#### What to do:
Could you restate the entries below word for word and leave out the pictures?

START Data provided

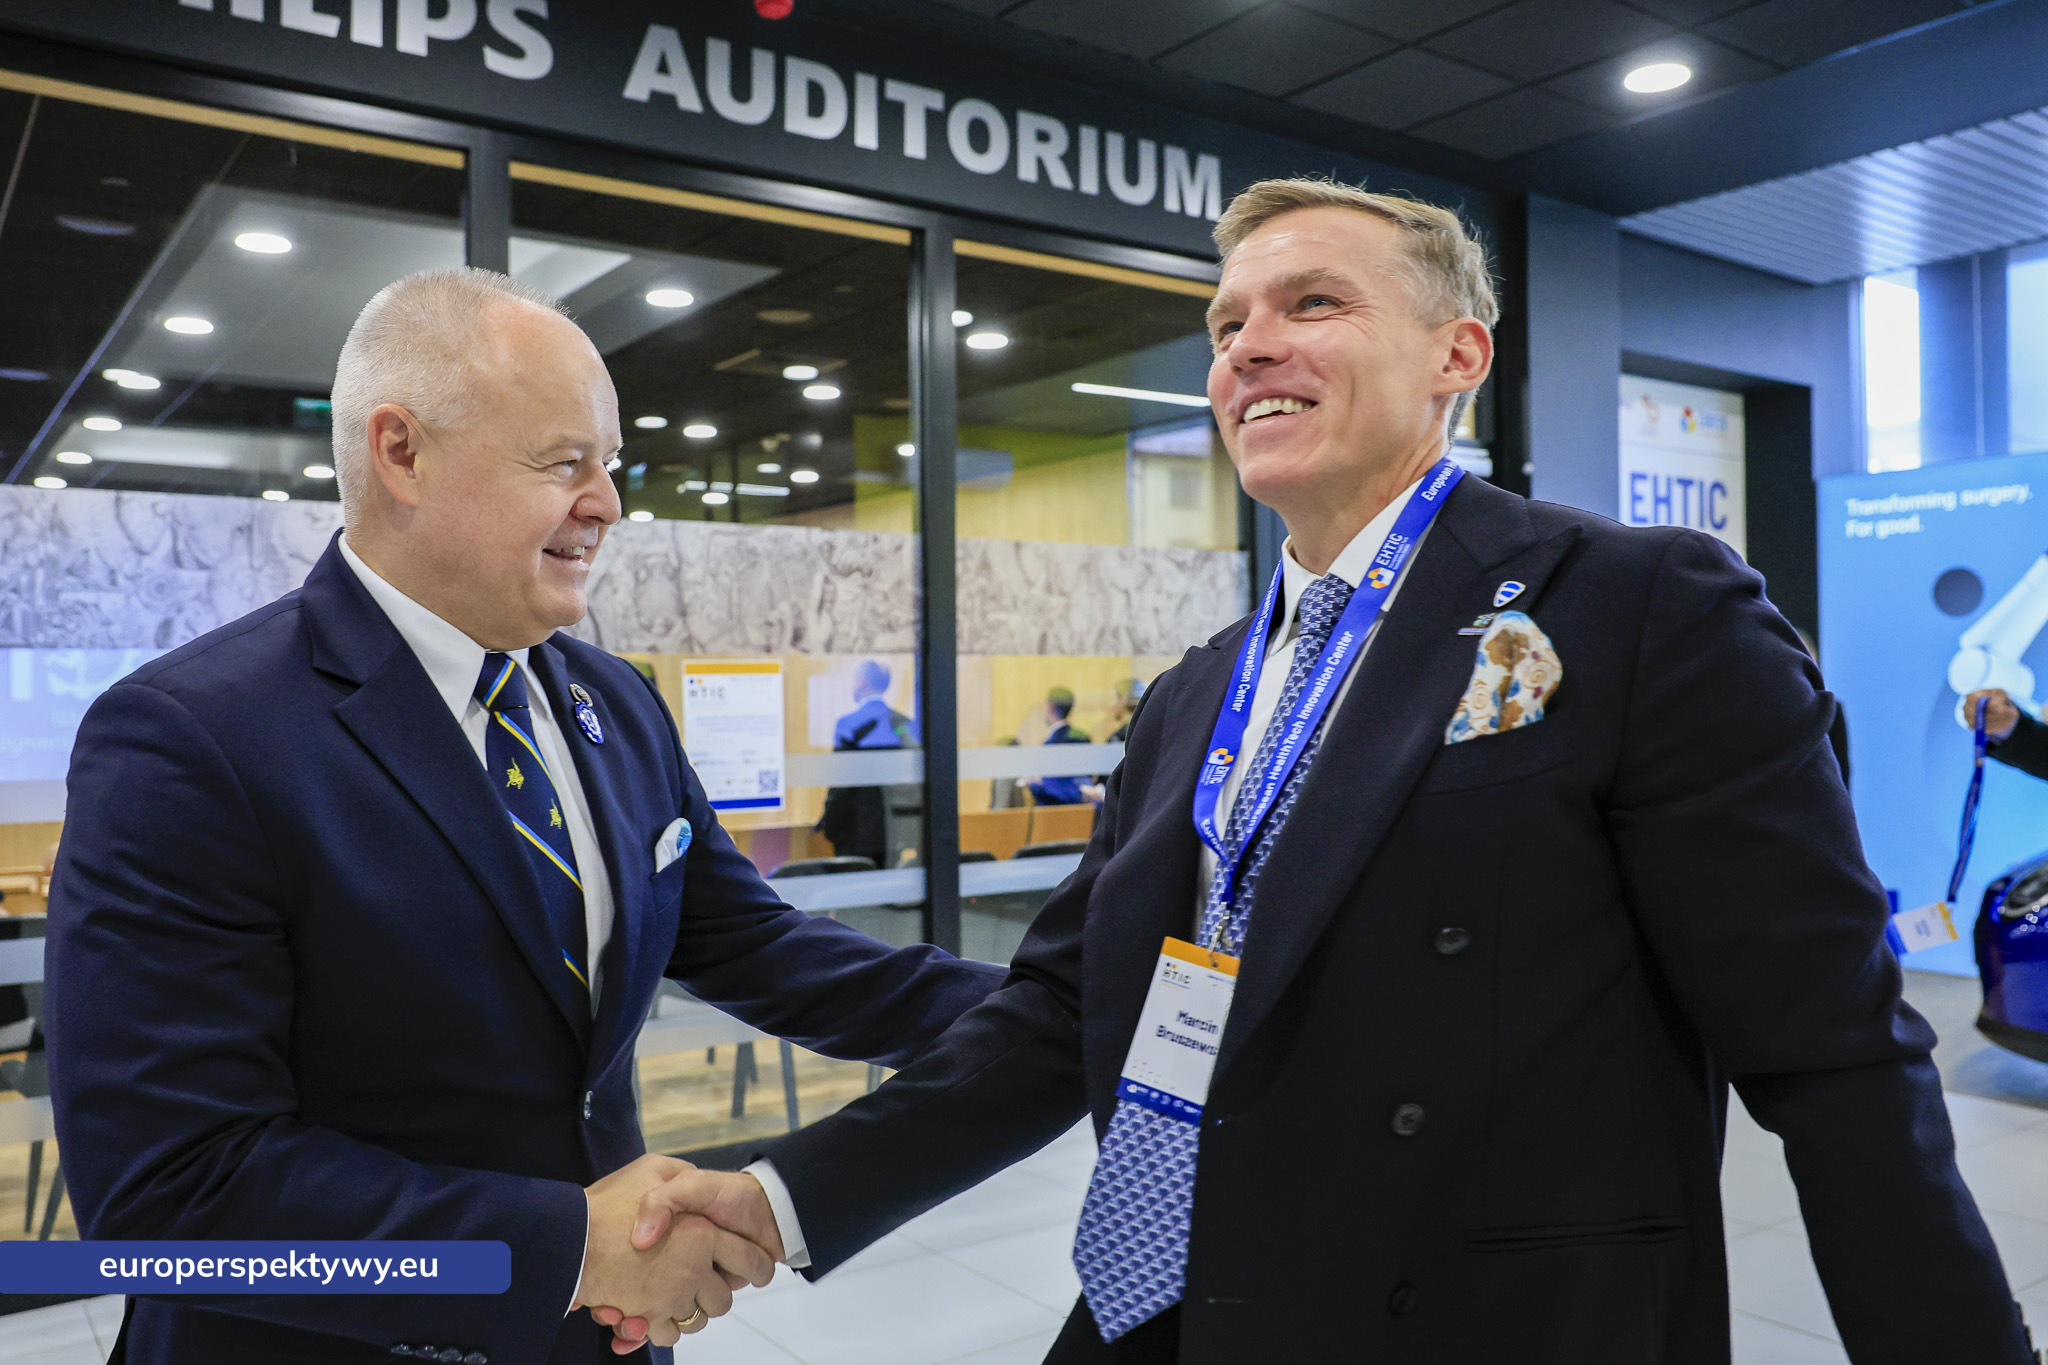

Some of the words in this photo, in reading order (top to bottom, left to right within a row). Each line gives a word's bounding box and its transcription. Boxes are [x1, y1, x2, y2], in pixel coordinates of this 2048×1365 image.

[622, 23, 1222, 221] AUDITORIUM
[1421, 467, 1455, 501] European
[1630, 472, 1728, 530] EHTIC
[1375, 533, 1403, 566] EHTIC
[1241, 633, 1262, 683] Innovation
[1231, 683, 1251, 713] Center
[1273, 719, 1307, 780] HealthTech
[1297, 666, 1335, 721] Innovation
[1326, 630, 1355, 666] Center
[1176, 1010, 1219, 1034] Marcin
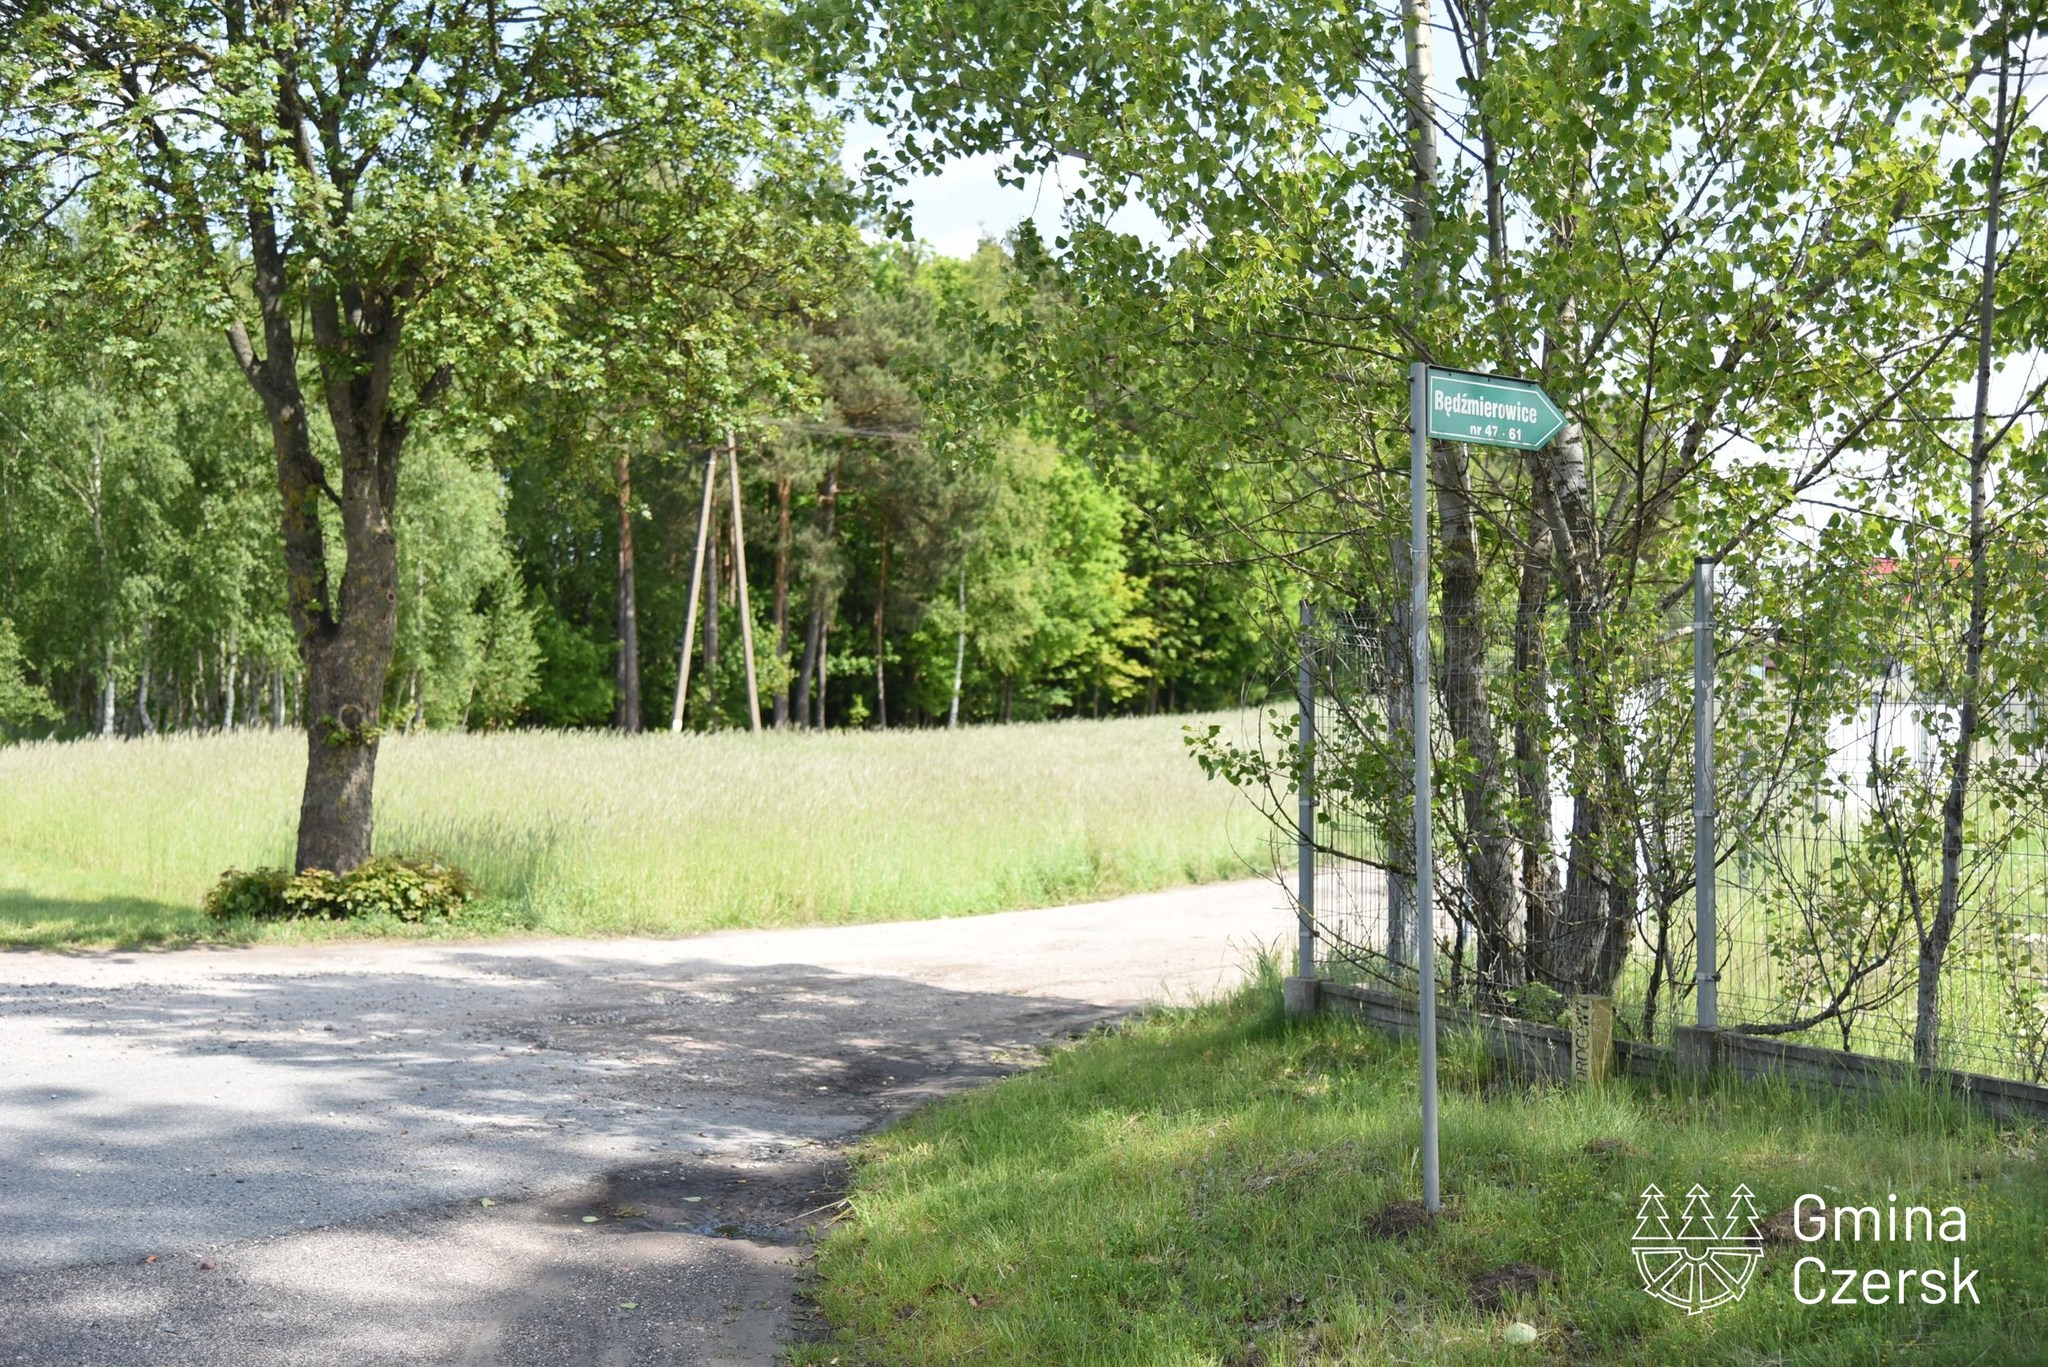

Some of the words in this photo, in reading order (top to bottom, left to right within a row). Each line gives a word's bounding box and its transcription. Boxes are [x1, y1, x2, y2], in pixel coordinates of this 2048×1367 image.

[1434, 390, 1537, 423] Będźmierowice
[1469, 425, 1482, 436] nr
[1484, 424, 1499, 437] 47
[1508, 427, 1522, 441] 61
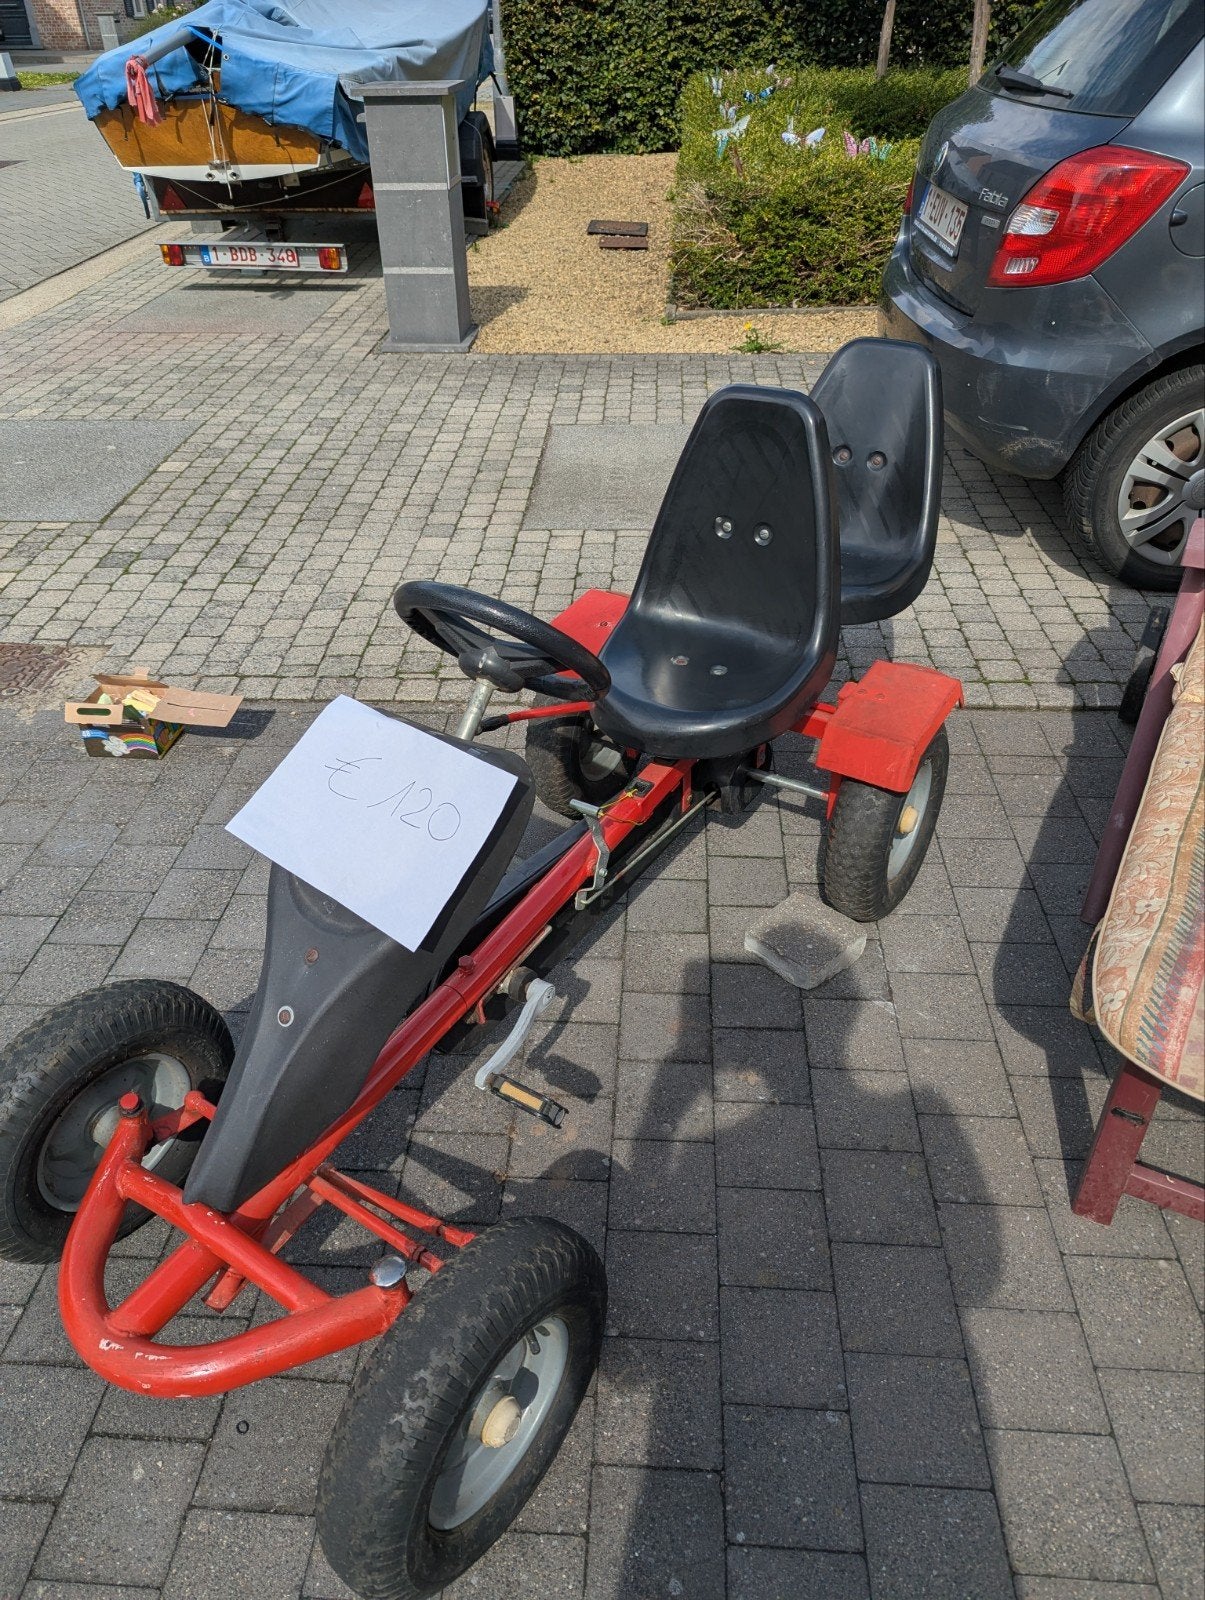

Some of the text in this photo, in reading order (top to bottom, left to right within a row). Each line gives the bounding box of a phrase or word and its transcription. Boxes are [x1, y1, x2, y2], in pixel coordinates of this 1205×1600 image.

END Data provided

#### Problem solution:
Some of the words in this photo, in reading order (top to bottom, left to right within a row). Each line gives a word's bounding box and its transcription. Boxes are [x1, y1, x2, y2], in pixel coordinates of this 2048×1365 image.

[622, 23, 1222, 221] AUDITORIUM
[1421, 467, 1455, 501] European
[1630, 472, 1728, 530] EHTIC
[1375, 533, 1403, 566] EHTIC
[1241, 633, 1262, 683] Innovation
[1231, 683, 1251, 713] Center
[1273, 719, 1307, 780] HealthTech
[1297, 666, 1335, 721] Innovation
[1326, 630, 1355, 666] Center
[1176, 1010, 1219, 1034] Marcin

Some of the words in this photo, in reading order (top to bottom, left to right within a row). Each line gives a word's bounding box and its transcription. Boxes are [x1, y1, x2, y2], in pixel coordinates of this 2048×1367 image.

[1434, 390, 1537, 423] Będźmierowice
[1469, 425, 1482, 436] nr
[1484, 424, 1499, 437] 47
[1508, 427, 1522, 441] 61

Some of the text in this photo, in reading order (top to bottom, left to right within a row). Each line gives the bounding box of a phrase or word and its transcription. Boxes are [x1, y1, x2, y2], in pixel coordinates of this 1205×1600 image.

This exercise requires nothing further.